Robinson’s stature throughout the city and the borough of Queens was reaffirmed when the former Interborough Parkway, constructed in 1935, was renamed for him in 1997.
Though born in Georgia and raised on the West Coast, Robinson became an icon in the city due to his time playing with the Dodgers.
After graduating from the University of California, Los Angeles where he starred in both baseball and track, Robinson became the athletic director for a small college in Texas before signing with the Kansas City Monarchs of the Negro League.
He was shortly thereafter discovered by Branch Rickey, the general manager of the Dodgers, and signed to a contract.

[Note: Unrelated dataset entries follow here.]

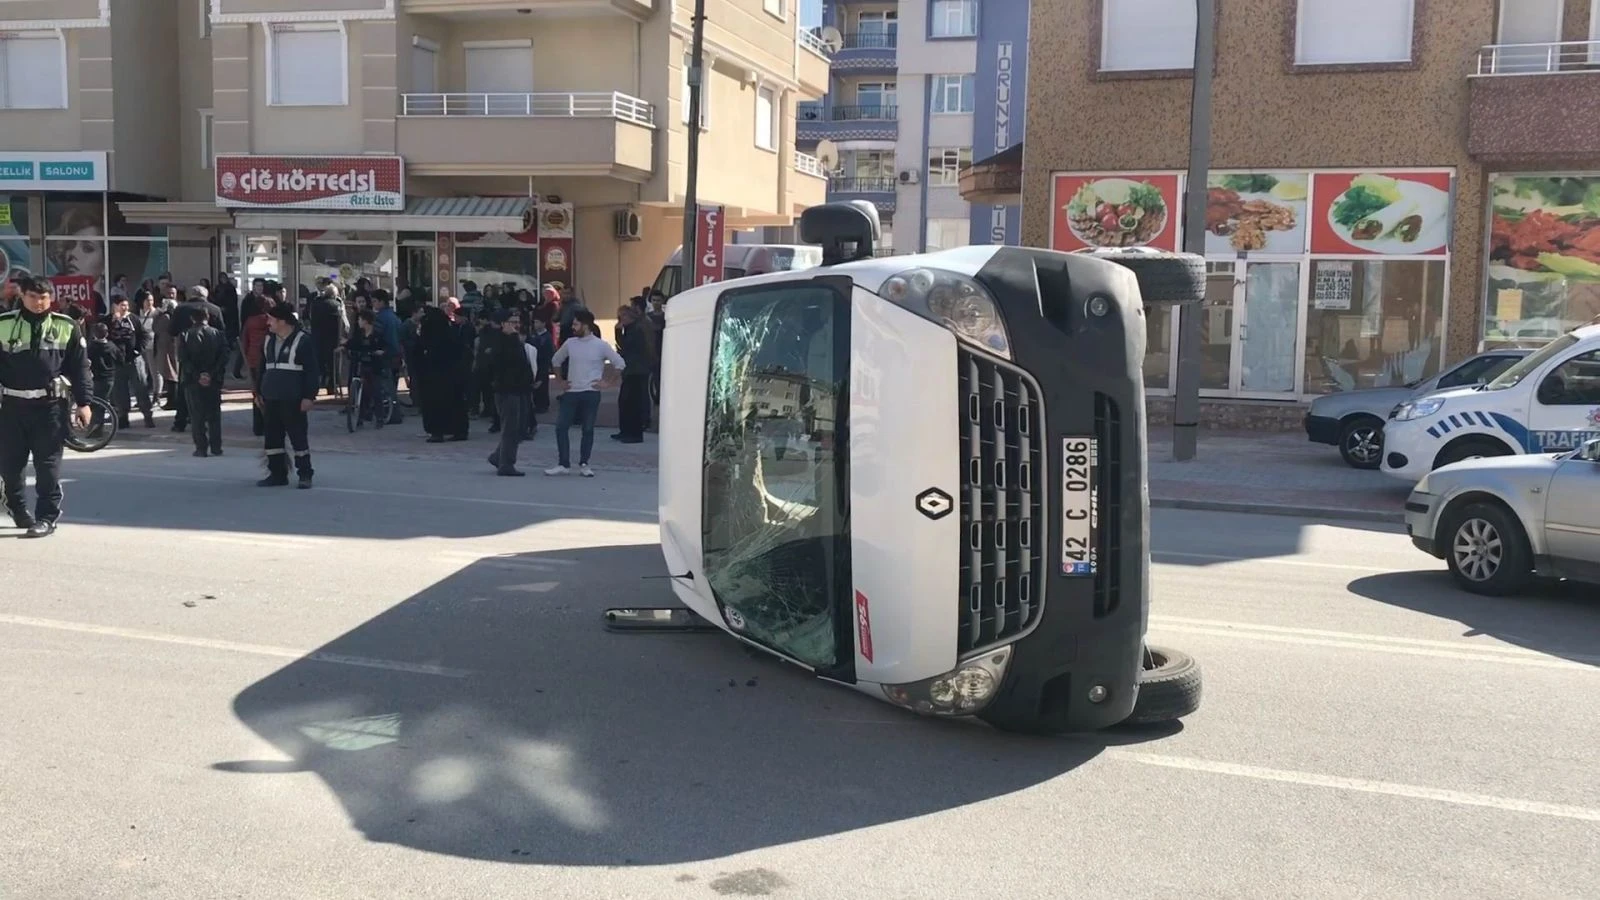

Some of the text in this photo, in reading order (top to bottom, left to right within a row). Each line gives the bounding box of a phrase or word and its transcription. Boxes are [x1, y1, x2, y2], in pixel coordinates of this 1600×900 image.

[995, 42, 1012, 154] TORUNMU
[45, 166, 88, 176] SALONU
[240, 168, 274, 193] ÇİĞ
[277, 168, 376, 192] KÖFTECİSİ
[1065, 441, 1088, 561] 42 C 0286

Robinson was assigned to a minor league affiliate of the team, the Montreal Royals, in 1946. He finally got the call up to the major leagues six days before the start of the 1947 season.
Robinson faced an unprecedented atmosphere as the first player to break baseball’s color barrier. Many fans, along with players and managers on opposing teams, hurled racial epithets at him. The St. Louis Cardinals even threatened to strike if Robinson was not removed from the league.
But the fans in Brooklyn supported Robinson wholeheartedly, and eventually his talent and character made him a favorite throughout the country.
In addition to being a civil rights pioneer, Robinson was a star ballplayer. He made six all-star teams and was named the National League most valuable player in 1949.
Playing before Queens got its Mets when many residents were Dodger fans, Robinson was loved here as well as Brooklyn.
In fact, Robinson was a resident of St. Albans for many years during his playing days with the Dodgers, living near his teammate Roy Campanella.
Today in Queens, there are many structures named for the baseball pioneer, including the Jackie Robinson Rotunda in Citi Field, the home of the Mets, and PS 15 in Springfield Gardens. But the most widely known is probably the Jackie Robinson Parkway, which runs through much of central Queens.
The five-mile-long highway stretches from its east terminus in Kew Gardens west to the Brooklyn neighborhood of East New York. Along the way it passes through Cypress Hills Cemetery, where Robinson is buried. When it was finished in 1935, the parkway provided a continuous link from Brooklyn to Eastern Long Island via the recently completed Grand Central Parkway.
The roadway offers one of the more scenic drives in the city, passing through parks and cemeteries for much of its length.
As the city Department of Transportation puts it, the parkway’s design “reflects an era of leisurely Sunday drives.”
Though it’s a worthy tribute, residents of Queens have never needed the renaming of parkways to be reminded of the impact Jackie Robinson had both here and beyond.